Чичерин, санкт-петербургский полицеймейстер, справедливо докладывал Екатерине, что Василий Ипатыч Полянский «шалил» в Петербурге по приезде своем из чужих краев. За границей постоянные университетские занятия, знакомство с просвещеннейшими представителями западно-европейской литературы и науки, самый склад общественной жизни налагали на подвижный, увлекающийся характер Полянского некоторую узду. Возвратившись в Петербург, Полянский домогался получить какое-либо место, но скоро узнал, как трудно добиться этой цели без содействия милостивцев. Но зато молодость Полянского, изящный, светский лоск, привезенный им из-за границы, и тысяча душ в Казанской губернии, доставшаяся ему от отца, обеспечили для него хороший прием в высшем петербургском обществе. Он стал желанным гостем всюду, где веселилась и проказничала знатная русская молодежь: у Нарышкиных, Голицыных, Чернышевых, особенно живое участие принимая в комедийных зрелищах, устраивавшихся любителями из высших аристократических кругов. Скучая бездействием, Василий Ипатыч ринулся без оглядки в открывшийся ему мир веселостей и наслаждений. Но особо «приятные чувствования» возбуждало в нем внимание петербургских красавиц, а в то время они были так нестроги и так мало постоянны!

Внезапное участие монархини в судьбе Полянского возбудило к нему всеобщее внимание и непостижимо быстро увеличило круг его знакомых, как ни старался он на первых порах погрузиться в дела академии и уйти по возможности от светских соблазнов. Вступив в должность конференц-секретаря, Василий Ипатыч немедленно написал Вольтеру в Ферней, что, благодаря его добрым отзывам о нем перед государыней, он нашел себе в академии «тихое пристанище» для занятий науками и художествами. Вольтер поспешил написать Екатерине об этом отзыве своего «protégé», но, когда императрица получила его письмо, она уже знала, что ее вольтерьянец не устоял в своем добром намерении и умел найти себе «пристанища», даже не совсем тихие, и вне академических стен…

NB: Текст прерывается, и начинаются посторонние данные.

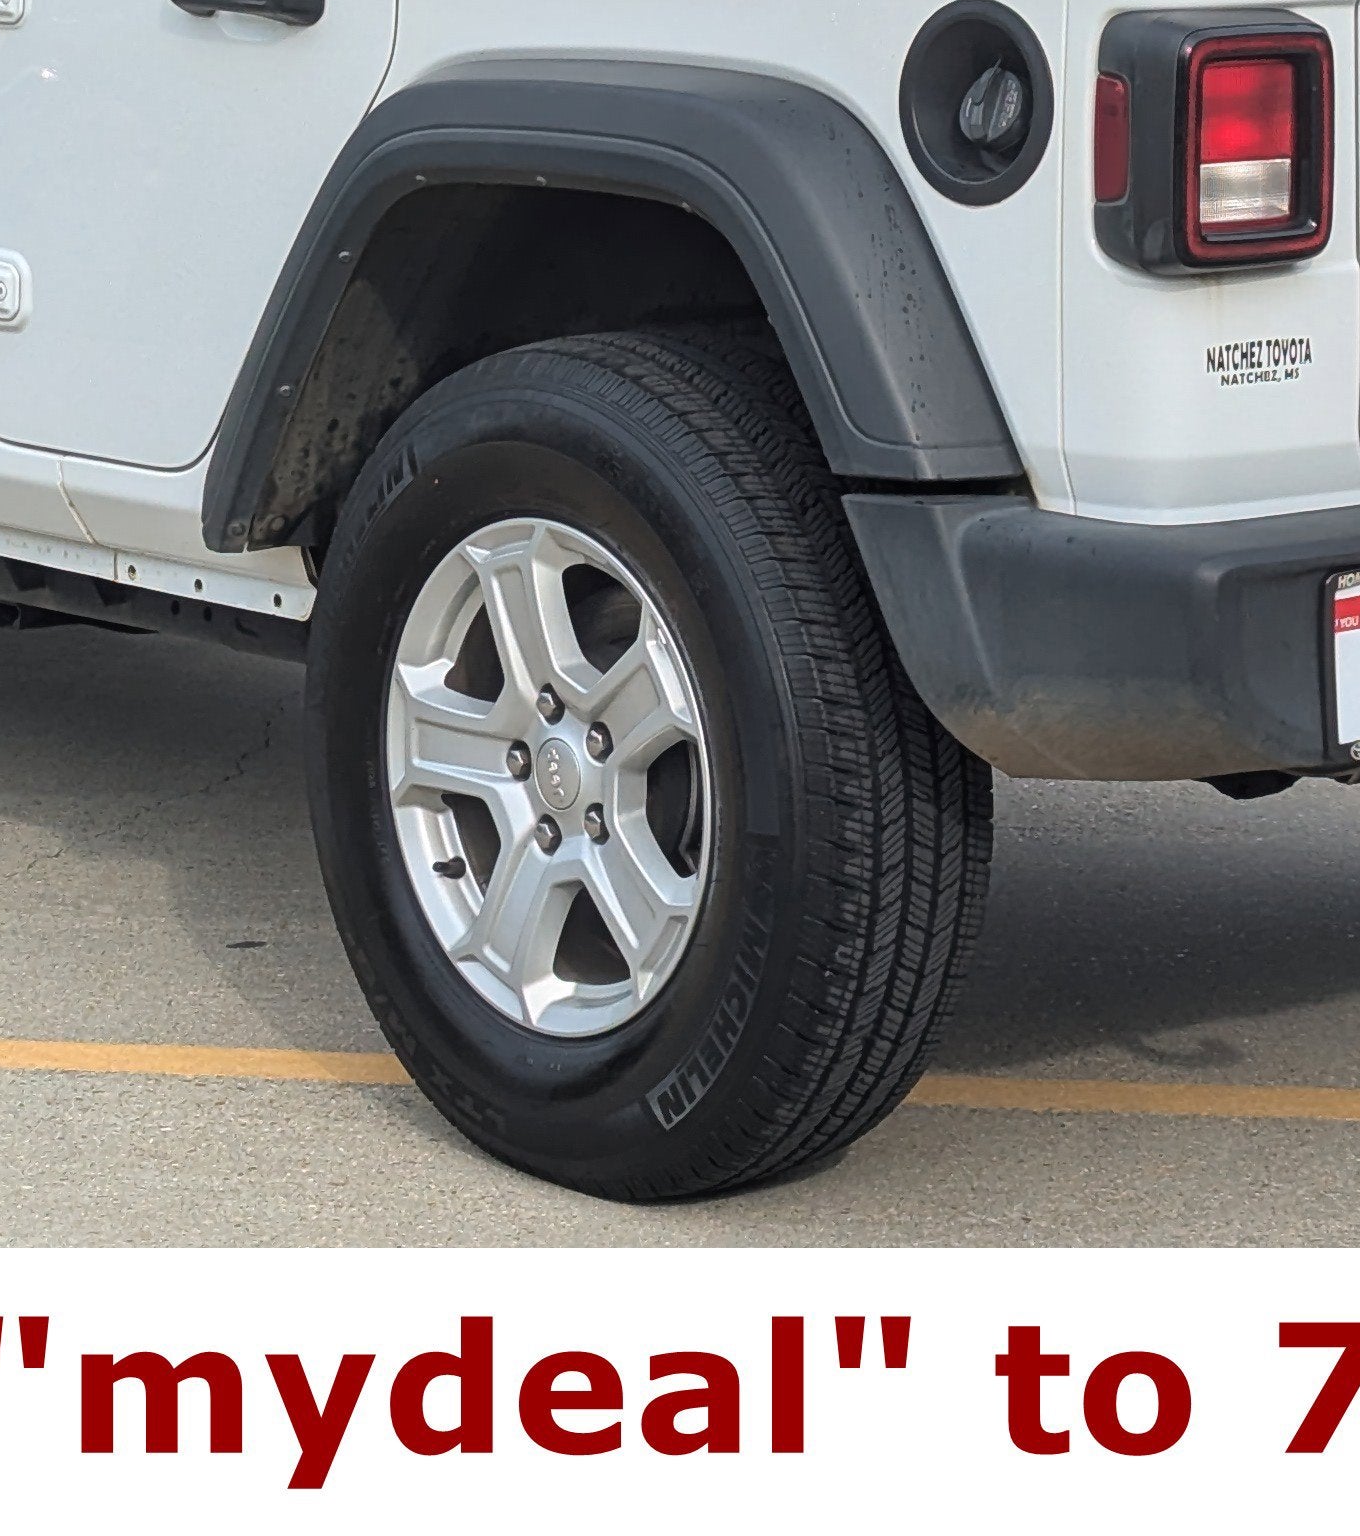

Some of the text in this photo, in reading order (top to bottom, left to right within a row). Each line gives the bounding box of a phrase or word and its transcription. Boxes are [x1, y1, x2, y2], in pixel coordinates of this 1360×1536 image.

[1206, 337, 1313, 373] NATCHEZ TOYOTA
[1340, 615, 1360, 629] YOU
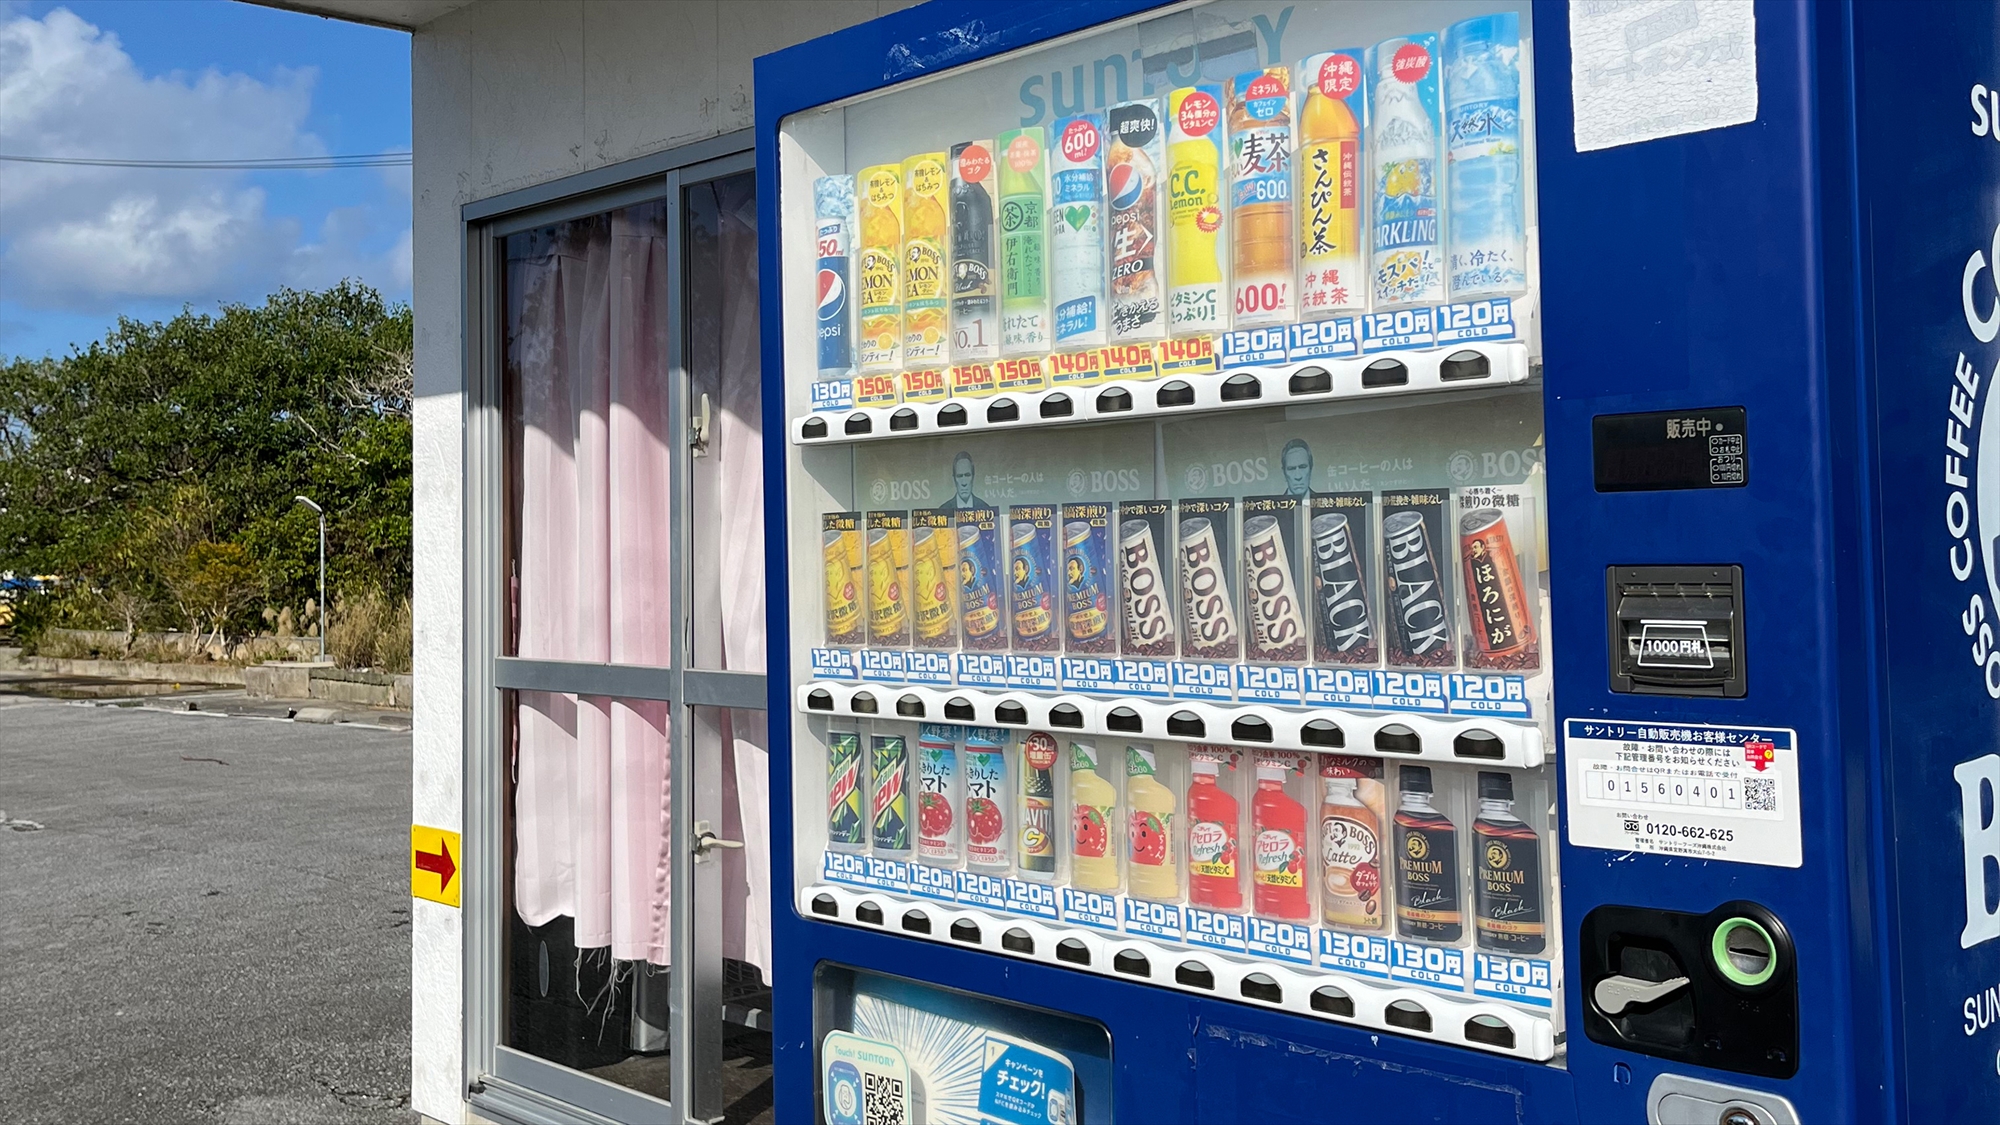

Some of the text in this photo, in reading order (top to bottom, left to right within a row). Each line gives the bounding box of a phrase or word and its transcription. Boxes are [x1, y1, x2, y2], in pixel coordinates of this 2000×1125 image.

Наступал 1776 год. Много совершилось в России событий с того времени, как Полянский возвратился в Петербург из-за границы, и все события важные. А Василий Ипатыч не изменял своего образа жизни: секретарствовал да по прежнему срывал цветы удовольствия. В конце концов, однако, и его сердце было уязвлено: он влюбился в Лизавету Александровну Демидову, жену молодого, богатого, но «неодушевленного» камергера, Никиты Григорьевича. «Неодушевленным» считала Никиту Григорьевича собственная его жена и, вероятно, имела к тому основания. Сама она была по натуре своей резвой и впечатлительной женщиной, совершенной противоположностью мужу. С детства окруженная французскими гувернантками, Лизавета Александровна отлично знала французский язык, лучше, чем свой отечественный, знакома была с французской литературой и усвоила себе все свойства французской «вертопрашки»-парижанки. Этому отвечала и ее миловидная наружность — грациозной фарфоровой куколки с высоко взбитой, наподобие корабля, прической, à la reine d’Angleterre[1], с парусами и мачтами. Достигнув 20-летнего возраста, Лизавета Александровна решилась выйти замуж за Демидова. Жених, ее, вялый по характеру, ей мало нравился, но был молод, богат и, вдобавок, камергер Высочайшего двора, что в глазах ее родителей, Лопатиных, из старинного, но нечиновного дворянского рода, имело особый вес и значение. Притом последняя гувернантка Лизаветы Александровны, сделавшаяся потом ее компаньонкой, m-lle Florand, внушила уже своей воспитаннице, что замужней женщине гораздо легче, чем девушке, пользоваться жизнью, что прежде, чем полюбить кого-либо, нужно выйти замуж: это давно уже повелось в Париже, и так живут все прилично воспитанные дамы!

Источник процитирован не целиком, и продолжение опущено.